Stored data entries
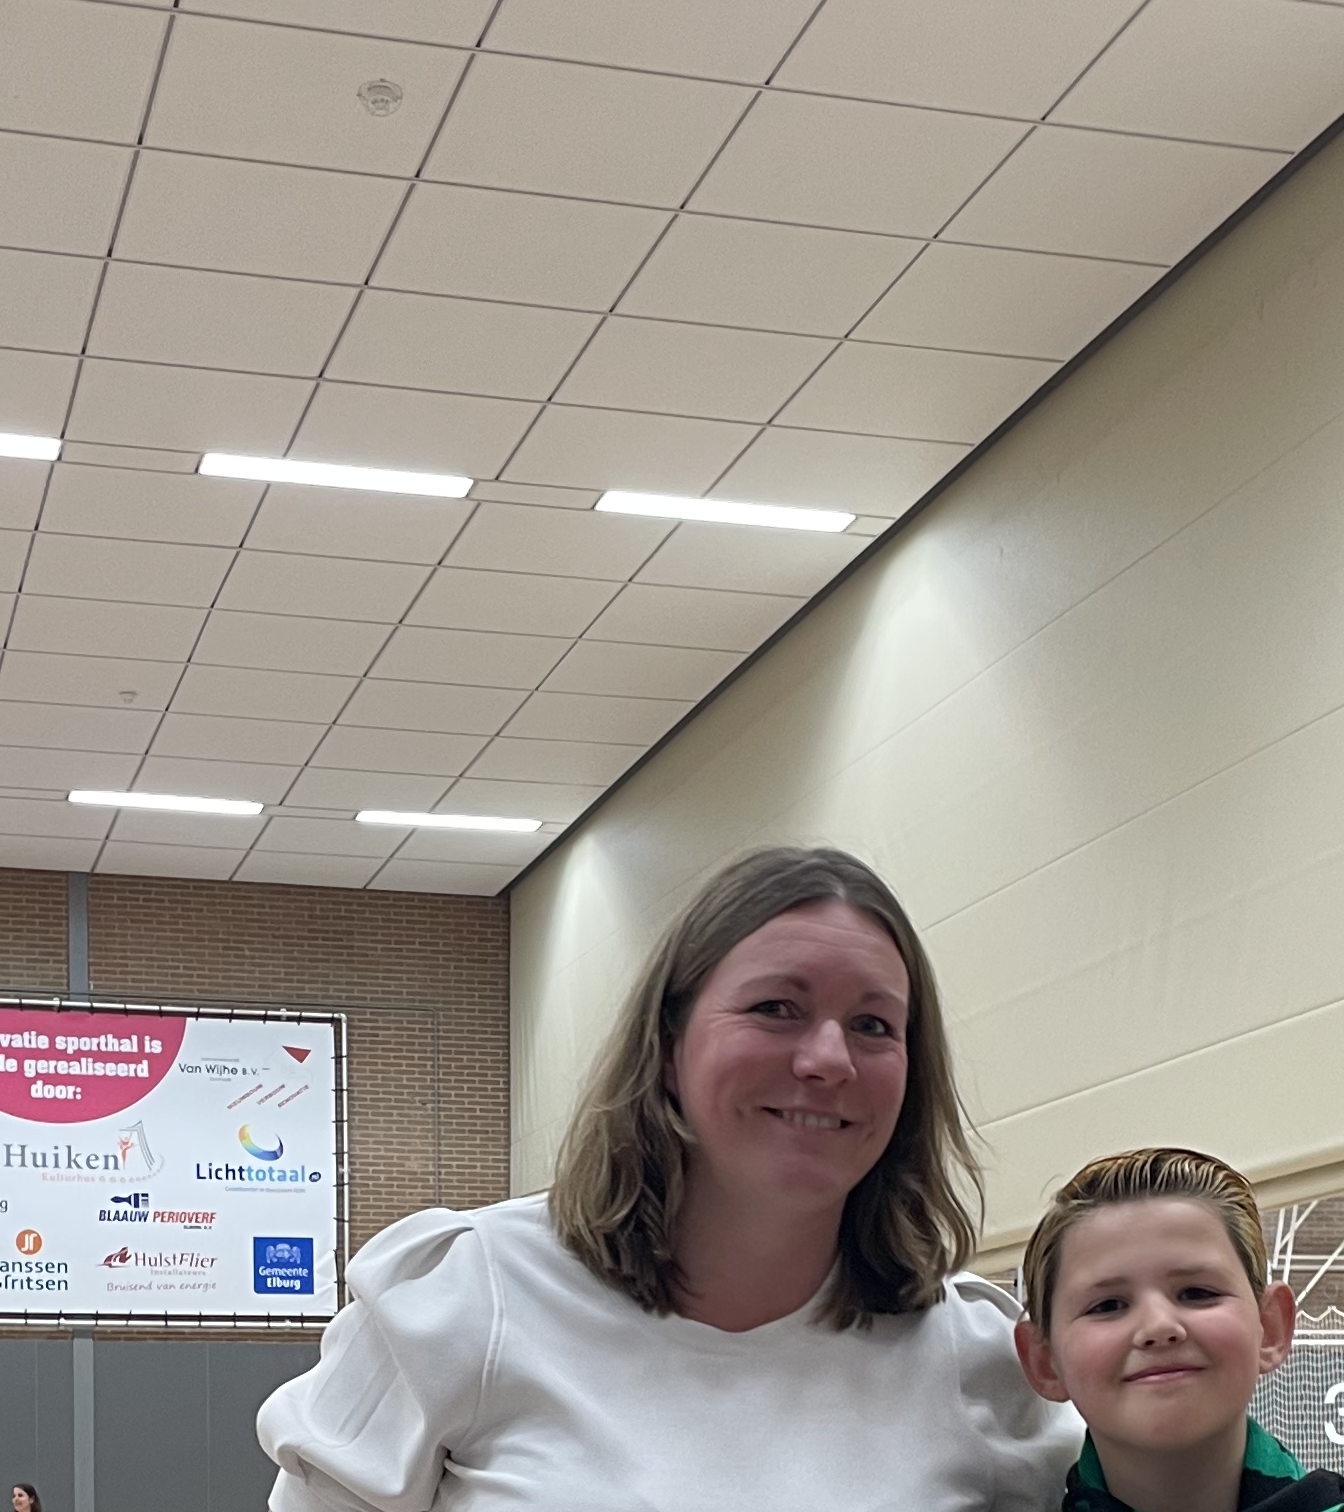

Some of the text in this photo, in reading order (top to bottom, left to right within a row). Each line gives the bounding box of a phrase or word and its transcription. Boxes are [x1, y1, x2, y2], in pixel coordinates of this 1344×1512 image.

[55, 1033, 138, 1054] sporthal
[144, 1036, 163, 1054] is
[23, 1057, 149, 1078] gerealiseerd
[179, 1063, 202, 1074] Van
[205, 1063, 238, 1076] Wijhe
[30, 1080, 82, 1100] door:
[3, 1144, 120, 1171] Huiken
[196, 1163, 306, 1183] Lichttotaal
[98, 1209, 217, 1224] BLAAUW PERIOVERF
[134, 1251, 218, 1269] HulstFlier
[258, 1265, 309, 1277] Gemeente
[4, 1275, 68, 1291] fritsen
[106, 1281, 153, 1292] Bruisend
[179, 1281, 217, 1293] energie
[266, 1277, 301, 1290] Elburg
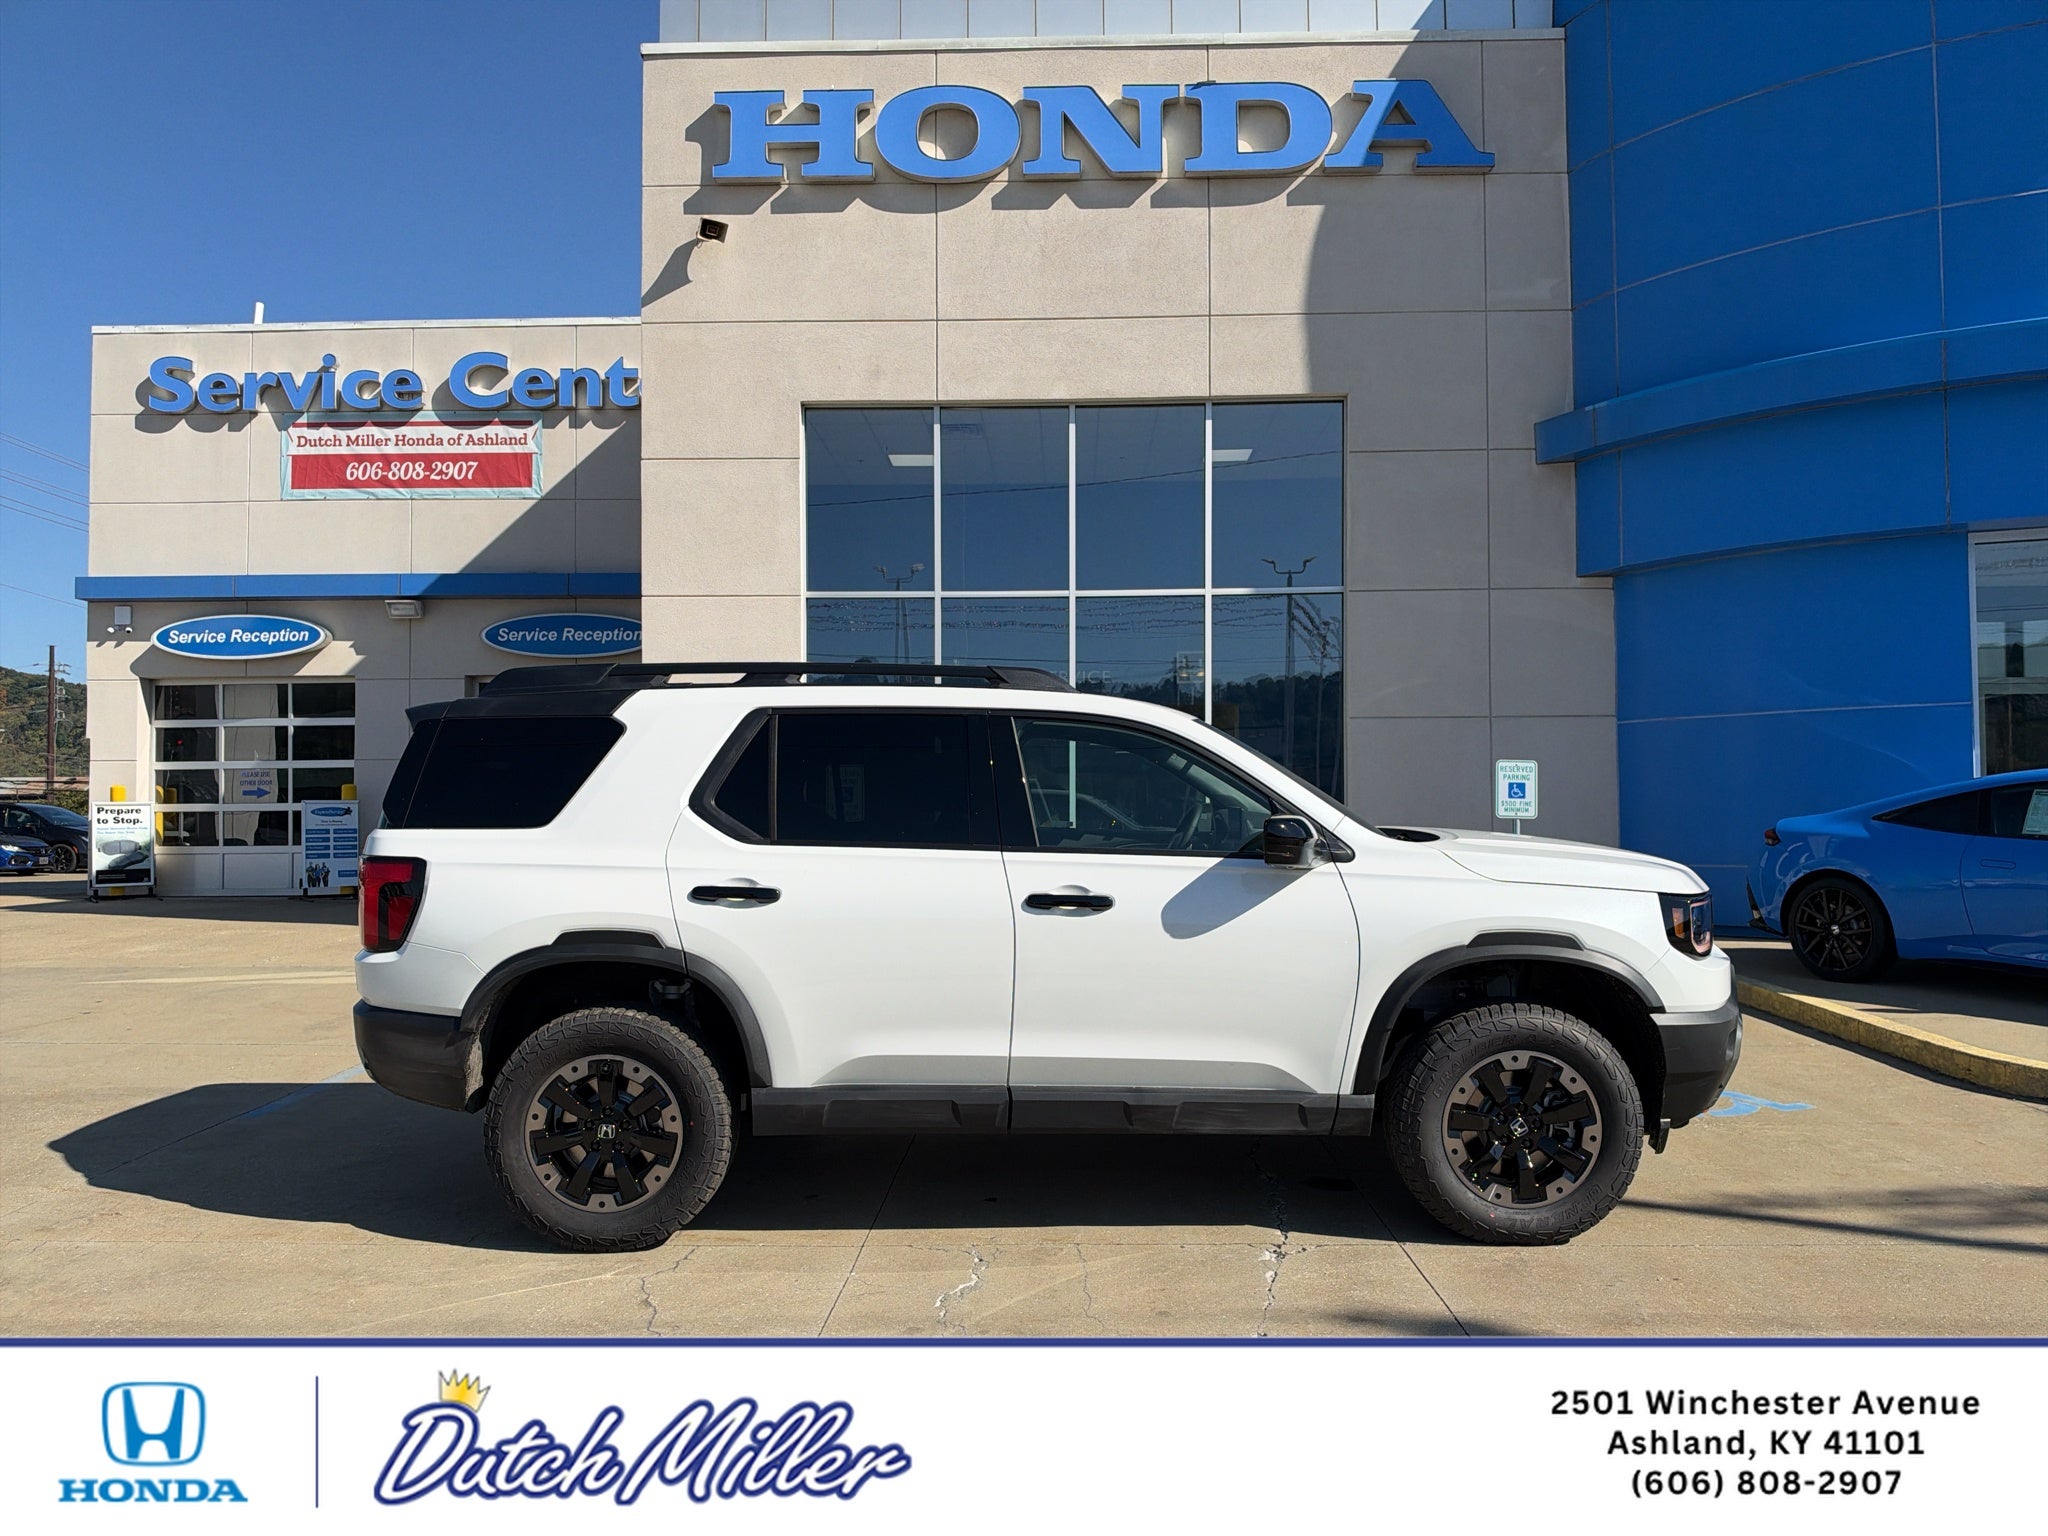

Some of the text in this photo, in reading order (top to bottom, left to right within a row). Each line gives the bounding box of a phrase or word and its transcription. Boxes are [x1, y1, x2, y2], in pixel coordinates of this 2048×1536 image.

WHAT IS EXPECTED: Please reproduce the entries from above exactly; images are not part of the copy.

ANSWER TO THIS PROBLEM:
Some of the text in this photo, in reading order (top to bottom, left to right within a row). Each line gives the bounding box of a phrase or word and its transcription. Boxes are [x1, y1, x2, y2], in pixel coordinates of this 1344×1512 image.

[55, 1033, 138, 1054] sporthal
[144, 1036, 163, 1054] is
[23, 1057, 149, 1078] gerealiseerd
[179, 1063, 202, 1074] Van
[205, 1063, 238, 1076] Wijhe
[30, 1080, 82, 1100] door:
[3, 1144, 120, 1171] Huiken
[196, 1163, 306, 1183] Lichttotaal
[98, 1209, 217, 1224] BLAAUW PERIOVERF
[134, 1251, 218, 1269] HulstFlier
[258, 1265, 309, 1277] Gemeente
[4, 1275, 68, 1291] fritsen
[106, 1281, 153, 1292] Bruisend
[179, 1281, 217, 1293] energie
[266, 1277, 301, 1290] Elburg

Some of the text in this photo, in reading order (top to bottom, left to right within a row). Each line gives the bounding box of a phrase or word and its transcription. Boxes are [x1, y1, x2, y2], in pixel coordinates of this 2048×1536 image.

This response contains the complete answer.